Note the red line indicating the Continental Divide, and the way that the rivers seem to go every which way in this region of the Rockies.
Since there is nothing to report for the next two days, I will instead tell you of the fate of Fraeb’s fur trappers, the men who bought the whiskey from John Bartleson and friends.
Monday, 26th. Left Green river – moved off in a W. direction – distance 12 miles — encamped on a branch of Green river called Ham’s fork. Land high, dry, and barren, except upon the streams, which afford grass in abundance; also black currants, which though not delicious are acceptable.
Wild Black Currants
Black currants, even if they were not very sweet or delicious, would have provided vital nutrition for the travelers. Black currants have an extremely high level of vitamin C, as well as good levels of potassium, phosphorus, and iron. Excellent for keeping scurvy at bay, and scurvy is always a danger when people are living primarily on meat, as these pioneers were.
John Bidwell recorded some prices in his entry for July 25, 1841.
I will not omit to state the prices of several kinds of mountain goods. Powder which is sold by the cupful (pint) is worth $1 per cup. Lead 1.50 per lb., good Mackinaw blankets 8 to 15 dollars; sugar $1 per cupful; pepper $1 also; cotton and calico shirts from 3 to 5$; rifles from 30 to 60. In return, you will receive dressed deerskins at $3, pants made of deerskins $10, beaver skins $10, moccasins $1; flour sold in the Mts. at 50 cents per cupful, tobacco at $2 per lb., butcher knives from 1 to 3$. A good gun is worth as much as a horse; a cap lock is preferred, caps worth $1 per box.
These prices would have shocked the folks back home. For comparison, here are a few prices in Massachusetts in 1841, from Comparative Wages, Prices and Cost of Living(1885) which contains prices going back to the 1790s.
White sugar sold for 15 cents a pound (and there are several cups in a pound), flour sold for 4 cents a pound, or $7 a barrel, and pepper was 20 cents a pound. A blanket cost $5.50 but whether it was a “good Mackinaw blanket” I don’t know.
Pocket knives were 25 cents each; a butcher knife would have cost somewhat more, maybe 50 cents. Tobacco was 20 to 28 cents a pound, so you can see that the price had increased 8-fold in the mountains.

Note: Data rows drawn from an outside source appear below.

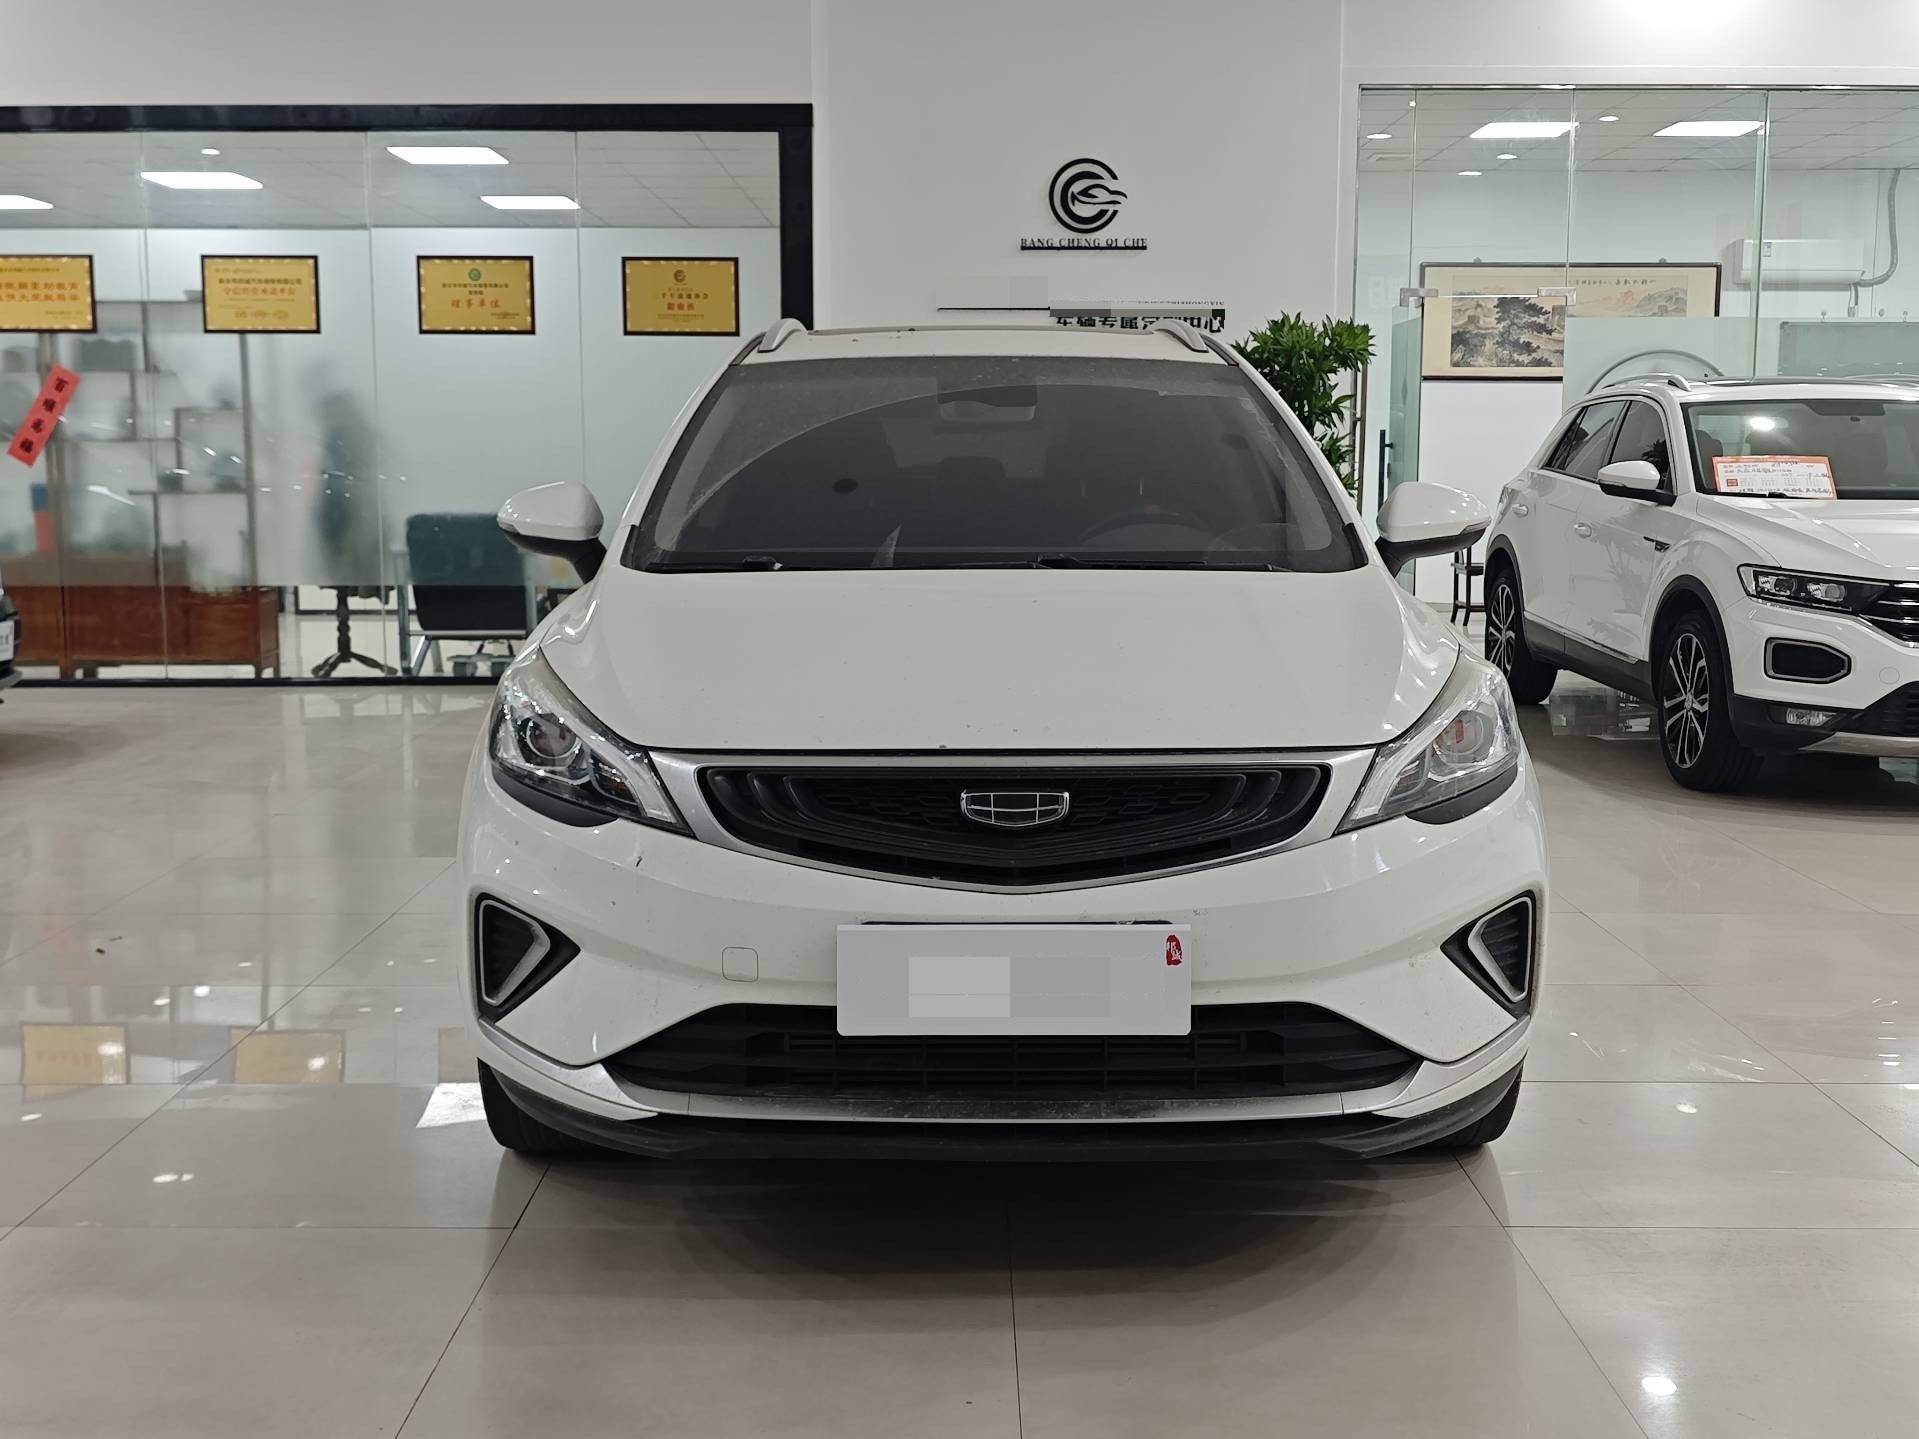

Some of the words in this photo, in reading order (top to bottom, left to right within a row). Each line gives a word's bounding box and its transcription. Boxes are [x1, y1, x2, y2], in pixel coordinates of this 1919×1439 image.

[1020, 238, 1054, 248] BANG
[1058, 238, 1101, 248] CHENG
[1123, 238, 1148, 248] CHE
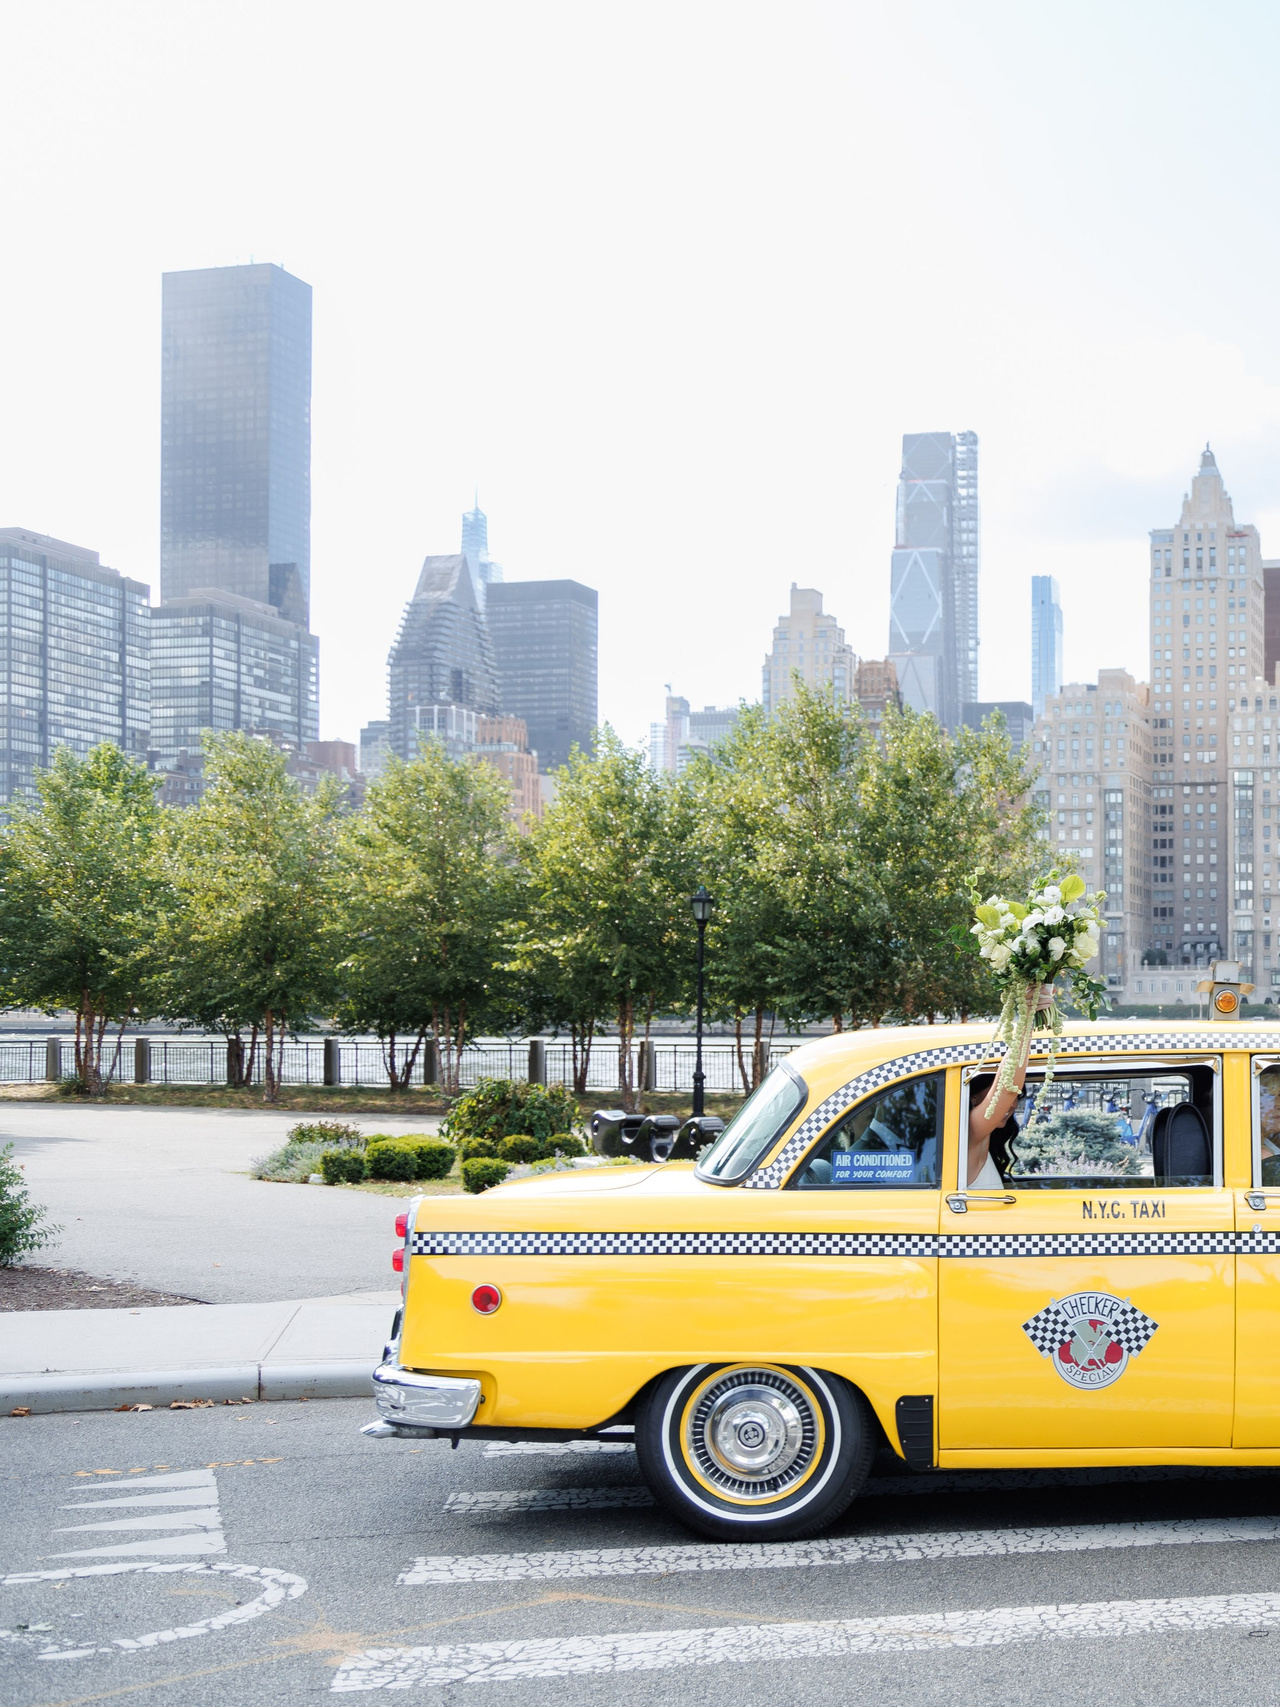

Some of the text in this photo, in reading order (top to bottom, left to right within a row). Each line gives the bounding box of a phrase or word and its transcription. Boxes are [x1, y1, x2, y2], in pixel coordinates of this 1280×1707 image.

[835, 1154, 912, 1167] AIR CONDITIONED
[835, 1170, 912, 1178] FOR YOUR COMFORT
[1082, 1200, 1166, 1219] N.Y.C. TAXI
[1061, 1296, 1120, 1319] CHECKER
[1066, 1364, 1116, 1382] SPECIAL

This must be where John Bidwell acquired the “buckskin suit” he mentions wearing when he and Jimmy John went to get some snow from the mountains.

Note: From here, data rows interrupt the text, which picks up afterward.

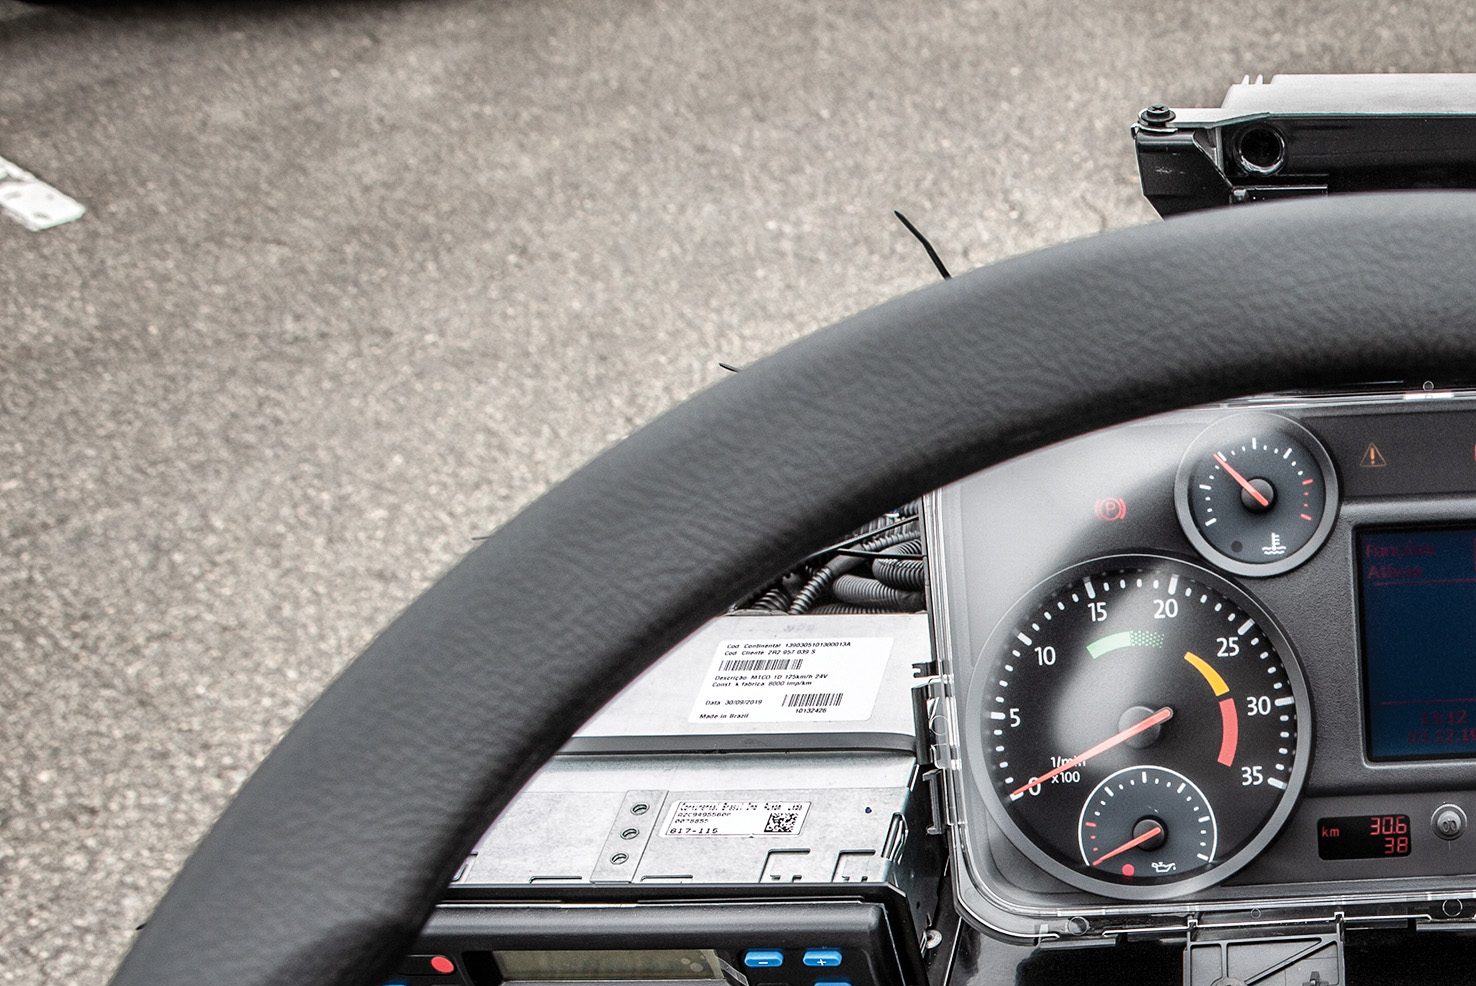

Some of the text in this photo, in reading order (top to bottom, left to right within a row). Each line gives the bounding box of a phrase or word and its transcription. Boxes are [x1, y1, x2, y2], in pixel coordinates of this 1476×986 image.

[1087, 602, 1108, 622] 15
[1154, 598, 1179, 619] 20
[1035, 646, 1056, 666] 10
[1217, 637, 1240, 657] 25
[1247, 696, 1271, 716] 30
[1009, 708, 1021, 727] 5
[1051, 771, 1080, 785] x100
[1241, 766, 1263, 786] 35
[1028, 777, 1041, 796] 0
[1322, 827, 1340, 838] km
[1384, 837, 1409, 854] 38

Sunday, 25th. Left the rendezvous this morning, 6 of the company, viz., John Gray, Peyton, Frye, Rogers, Jones, and Romaine, started to return to the United States. Baker stopped in the mountains to trap; crossed Green river and descended it about 8 miles. Trapp and his company likewise left in search of buffalo.
Trapp, as you will recall, was Henry Fraeb (tricky name). The name also shows up as Frapp. I’ll have more about him shortly.
John Gray had been hired by the Englishman William G. Romaine to escort him on a tour of the American West. They hadn’t signed up to go to California, so it was time for them to turn back. I don’t know anything about Peyton or Jones. Bidwell describes Rogers and Amos Frye as “pleasure seekers,” what we would call tourists. Bidwell and Frye would meet up again nine years later on the East Coast. Frye came to California to work for Bidwell on Rancho Chico and died in Chico in 1852.
Baker, who “stopped in the mountains to trap,” was Jim Baker, a trapper who had attached himself to the company to travel to the Rockies. At this time he was a young man, about the same age as John Bidwell, but he would go on to a long career as a hunter, trapper, explorer, scout, and rancher, and an associate of John C. Fremont, Kit Carson, Jim Bridger, and other frontiersmen. There is a good article about him at WyoHistory,org.